OpenAI’s early results
OpenAI says early beta scans on the same repositories showed a strong drop in alert noise over time. In one case, noise fell by 84% since the initial rollout. The company also says over-reported severity dropped by more than 90%, while false positive rates fell by more than 50% across repositories.
OpenAI also shared broader beta-scale numbers. Over the last 30 days of the beta, Codex Security scanned more than 1.2 million commits across external repositories and identified 792 critical findings plus 10,561 high-severity findings. OpenAI says critical issues appeared in under 0.1% of scanned commits.
Open-source projects already affected
OpenAI says it has used Codex Security to scan open-source projects it depends on and has reported high-impact issues to maintainers. The company named projects including OpenSSH, GnuTLS, GOGS, libssh, PHP, and Chromium, and said 14 CVEs have already been assigned, with dual reporting on two of them.
In the appendix to its announcement, OpenAI listed examples that include multiple GnuTLS flaws, two GOGS issues, and several other vulnerabilities involving path traversal, LDAP injection, denial of service, and mail abuse.
Codex for OSS
OpenAI also announced Codex for Open Source, a program aimed at maintainers of critical open-source software. According to the application page, selected maintainers receive six months of ChatGPT Pro, conditional access to Codex Security, and API credits for project and maintenance work. OpenAI says it has already started onboarding an initial cohort and plans to expand the program in the coming weeks.

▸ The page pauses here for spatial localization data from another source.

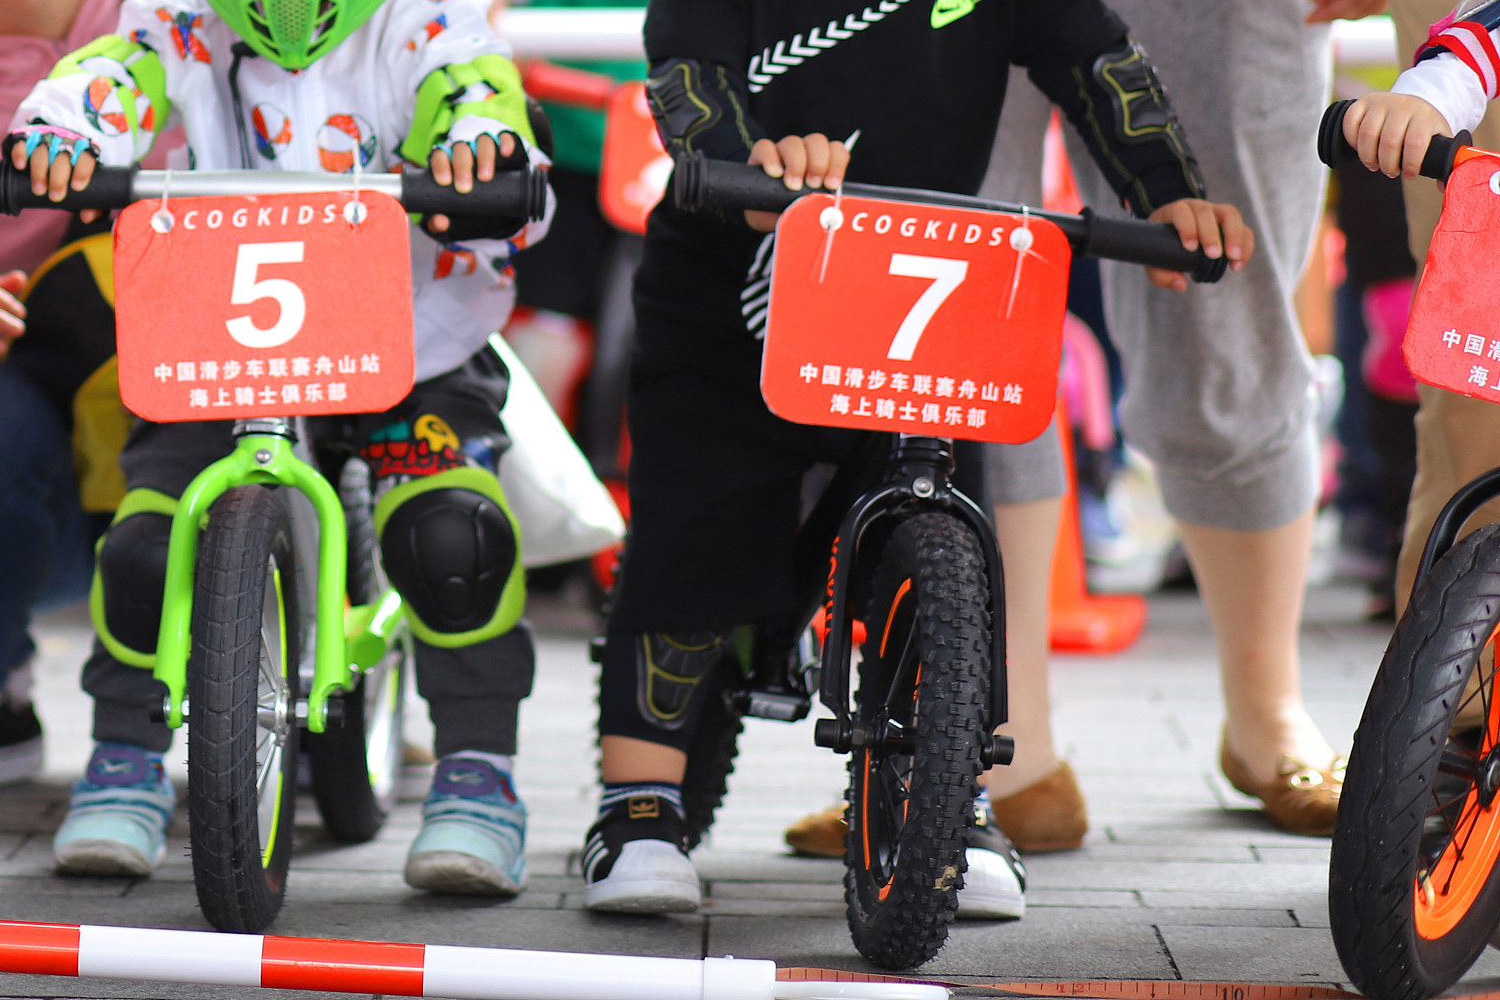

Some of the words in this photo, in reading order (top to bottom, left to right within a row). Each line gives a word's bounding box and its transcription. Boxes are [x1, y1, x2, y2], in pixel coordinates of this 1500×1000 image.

[183, 203, 337, 230] COGKIDS
[851, 212, 1004, 247] COGKIDS
[225, 240, 306, 349] 5
[886, 252, 969, 361] 7
[153, 353, 381, 384] 中国滑步车联赛舟山站
[799, 362, 1024, 405] 中国滑步车联赛舟山站
[189, 382, 348, 408] 海上骑士俱乐部
[829, 393, 987, 429] 海上骑士俱乐部
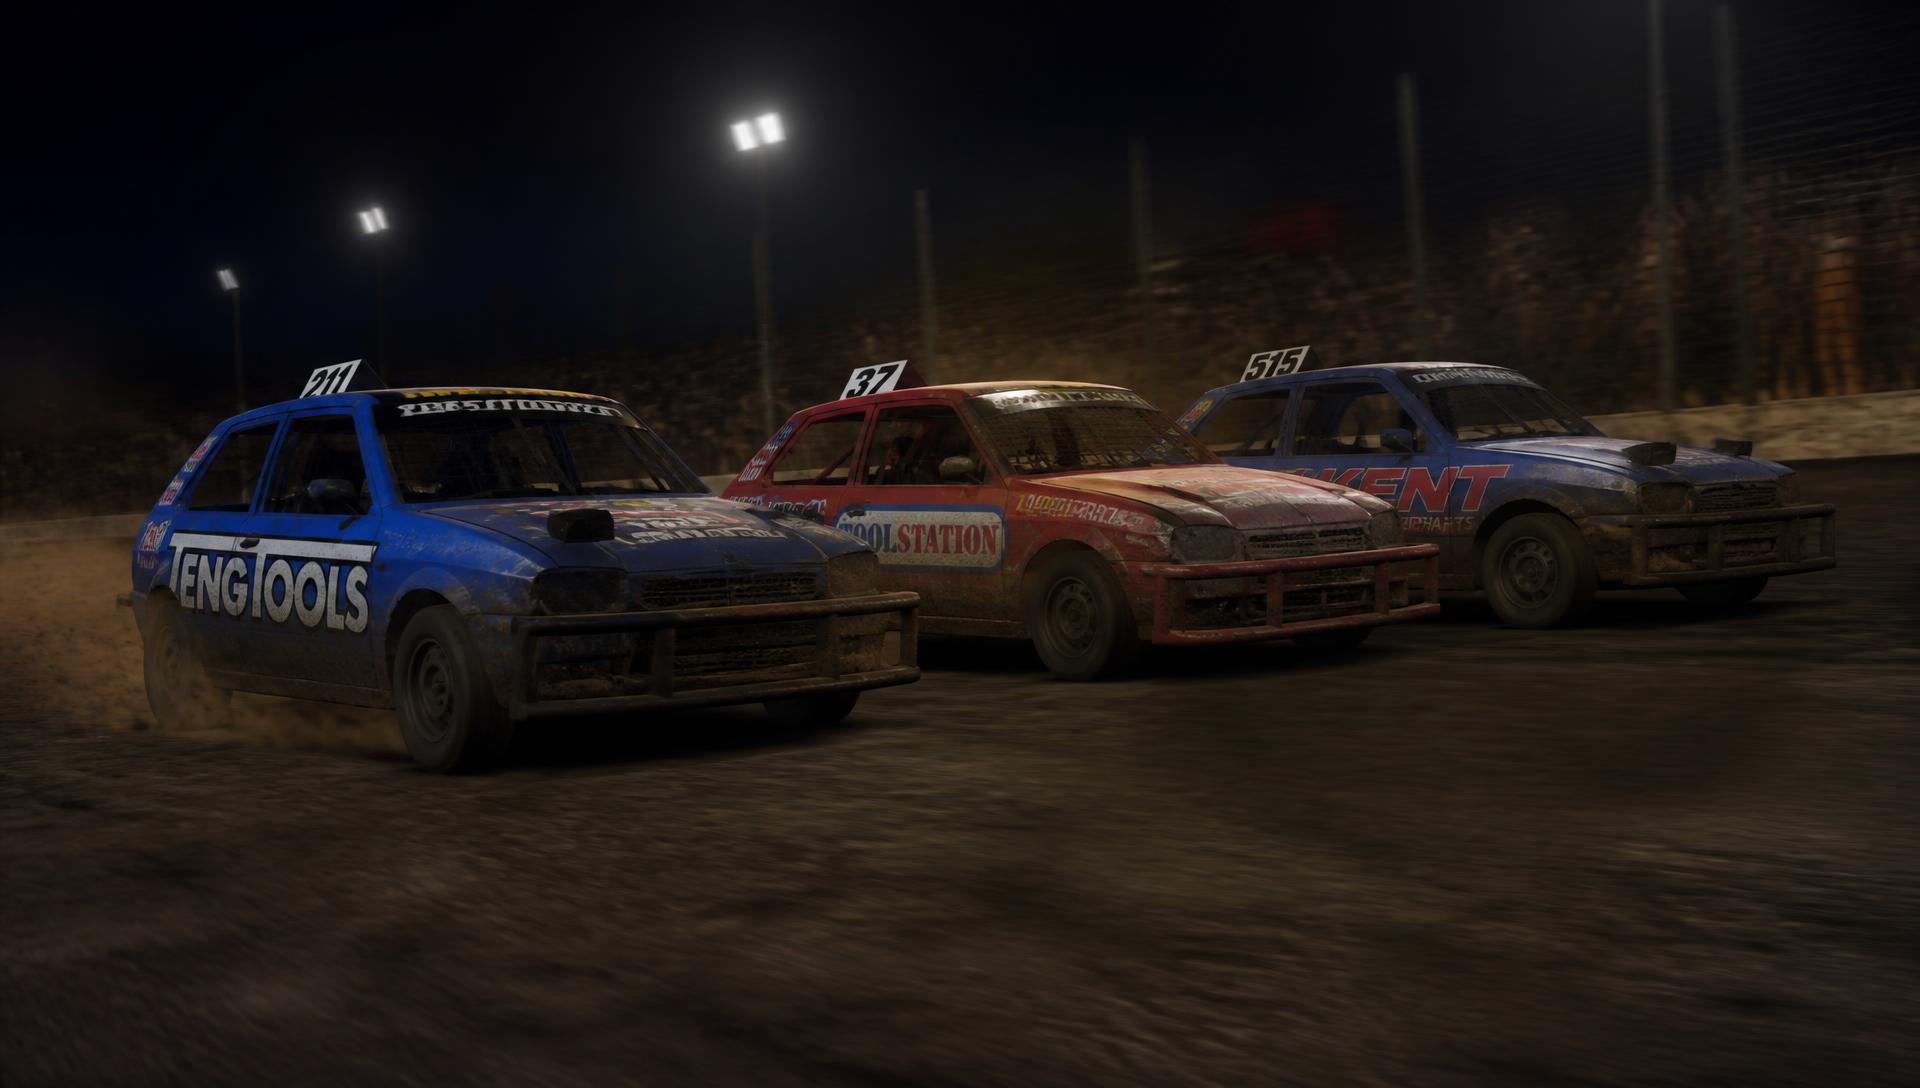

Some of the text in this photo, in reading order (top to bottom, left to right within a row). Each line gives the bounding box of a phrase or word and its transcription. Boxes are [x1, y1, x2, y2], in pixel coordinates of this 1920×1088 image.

[303, 364, 353, 398] 211
[1245, 349, 1302, 379] 515
[845, 364, 900, 399] 37
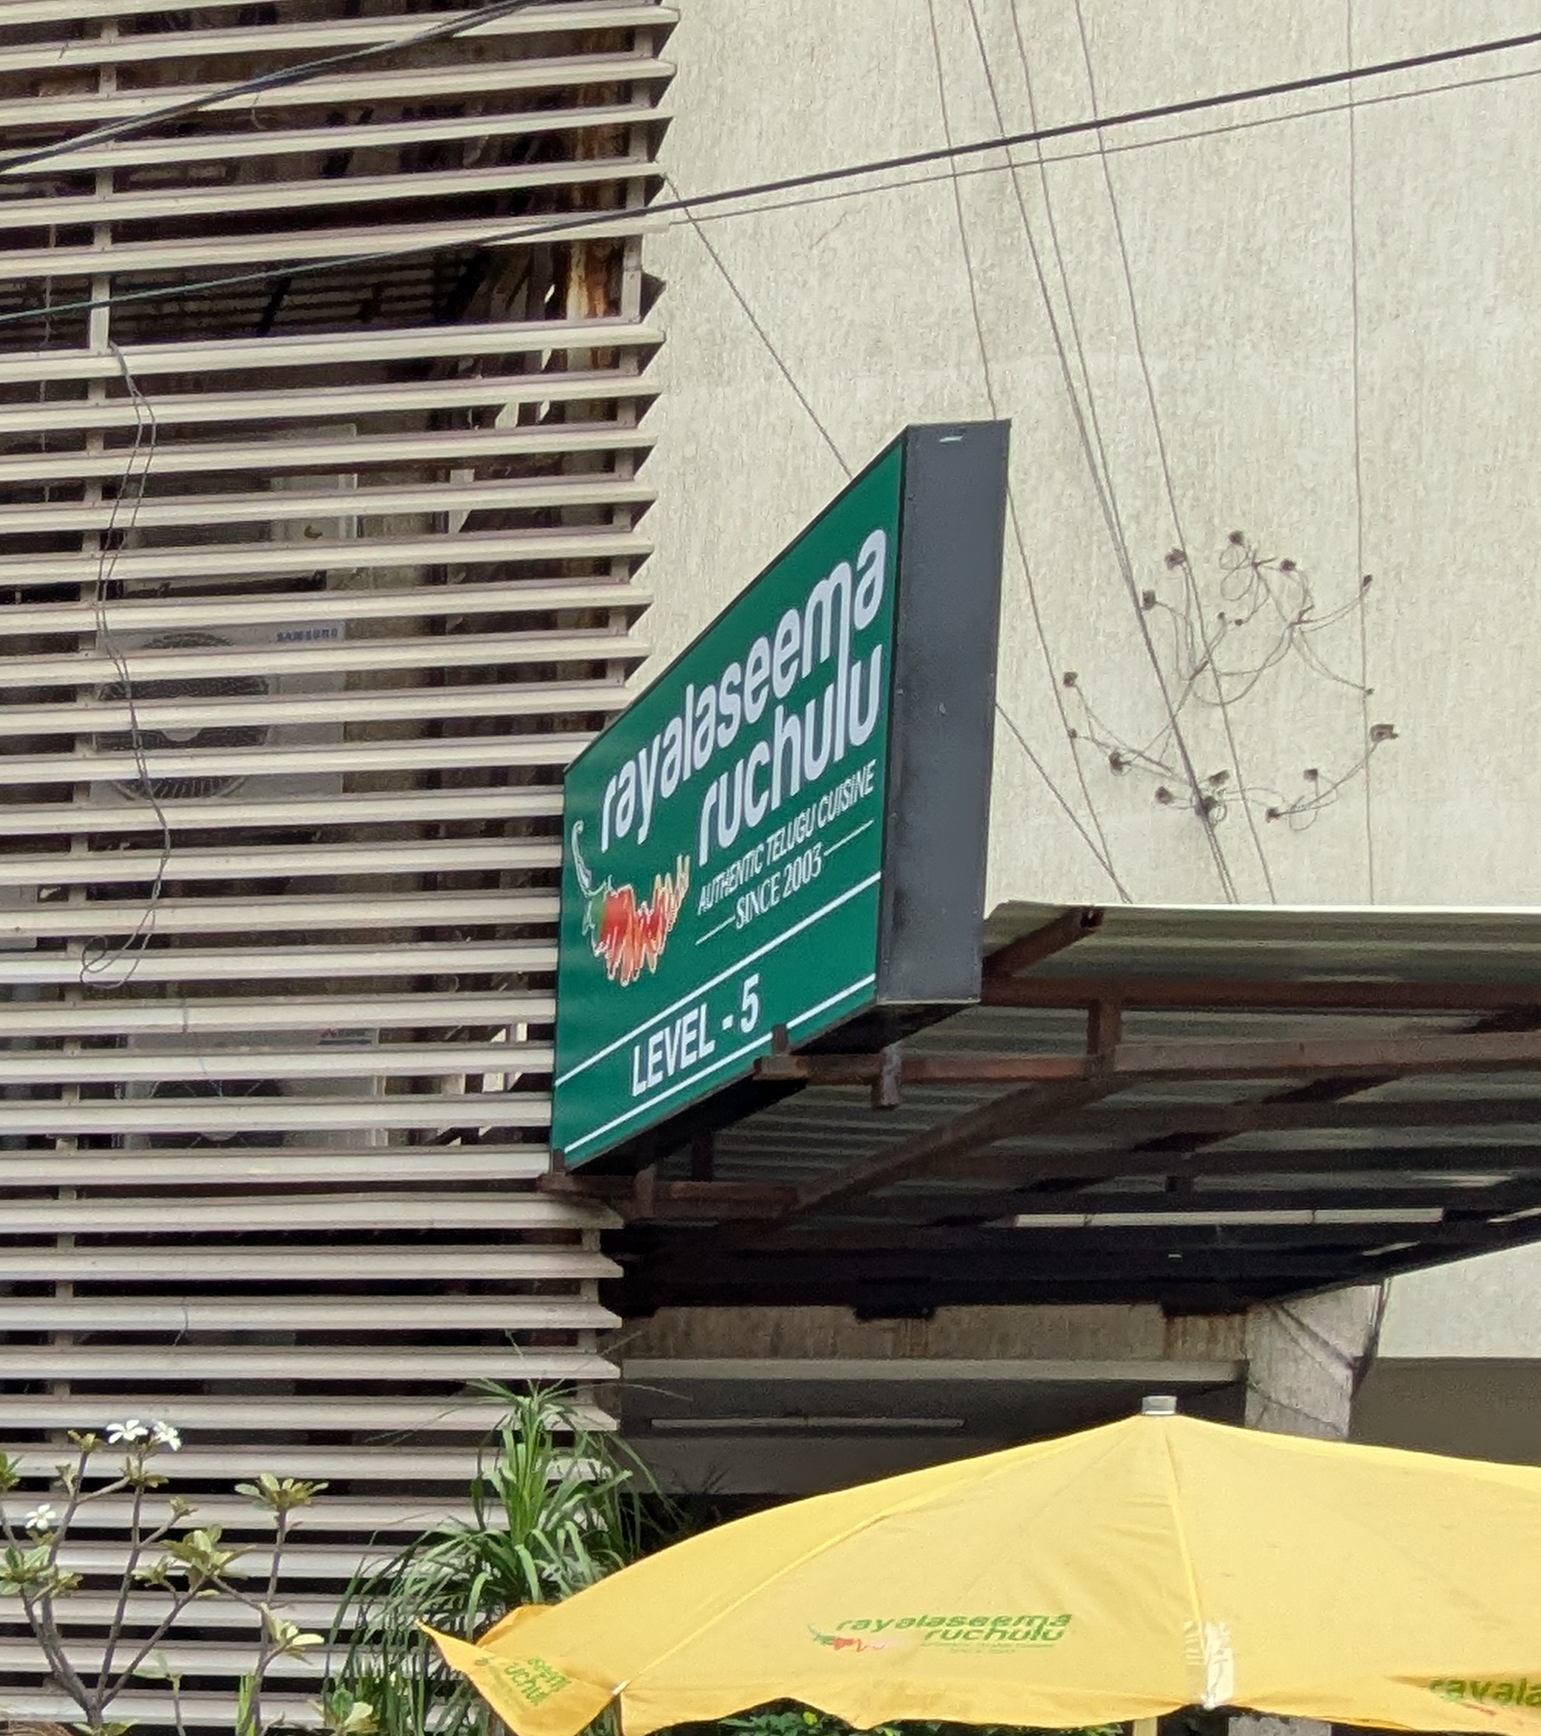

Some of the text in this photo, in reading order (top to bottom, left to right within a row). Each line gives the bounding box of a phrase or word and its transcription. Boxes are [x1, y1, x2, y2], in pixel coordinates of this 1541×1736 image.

[602, 529, 887, 852] rayalaseema
[699, 644, 883, 867] ruchulu
[697, 759, 877, 917] AUTHENTIC TELUGU CUISINE
[736, 841, 823, 931] SINCE 2003
[632, 1002, 716, 1097] LEVEL
[740, 972, 760, 1033] 5

Codex Security at a glance
| Category | Official detail |
|---|---|
| Product | Codex Security |
| What it does | Finds, validates, and helps remediate likely vulnerabilities in connected GitHub repositories |
| Access | Research preview via Codex web for ChatGPT Pro, Enterprise, Business, and Edu customers |
| Core workflow | Threat model, validation, ranked findings, patch suggestions |
| Beta stats | 1.2M+ commits scanned, 792 critical findings, 10,561 high-severity findings in last 30 days of beta |
| OSS program | Codex for Open Source offers Pro access, conditional Codex Security access, and API credits |
Why this launch matters
The announcement shows where OpenAI wants agentic coding tools to go next. Codex Security is not just a code assistant that flags suspicious patterns. OpenAI says it tries to understand a repository in context, test whether a finding is real, and then move directly toward a fix. That makes it closer to a security workflow tool than a conventional static scanner.
It also signals a bigger push into secure software development. OpenAI has already tied the launch to connected GitHub repositories, reviewable fixes, and open-source maintainer support. For engineering teams, the real test will be whether the early beta improvements in noise reduction and validation quality hold up as access expands beyond the initial cohort. That expectation is an inference from OpenAI’s rollout and beta claims, not a separate company statement.
FAQ
Codex Security is OpenAI’s application security agent for connected GitHub repositories. OpenAI says it helps teams find, validate, and remediate likely vulnerabilities.
OpenAI says the product is rolling out in research preview to ChatGPT Pro, Enterprise, Business, and Edu customers through Codex web.
OpenAI says it uses repo-specific context, an editable threat model, and validation in isolated environments before surfacing high-signal findings.
Yes. OpenAI says it reported vulnerabilities to projects including OpenSSH, GnuTLS, GOGS, libssh, PHP, and Chromium, and that 14 CVEs have been assigned.
It is OpenAI’s support program for maintainers of critical open-source projects. Selected maintainers can receive ChatGPT Pro access, conditional Codex Security access, and API credits.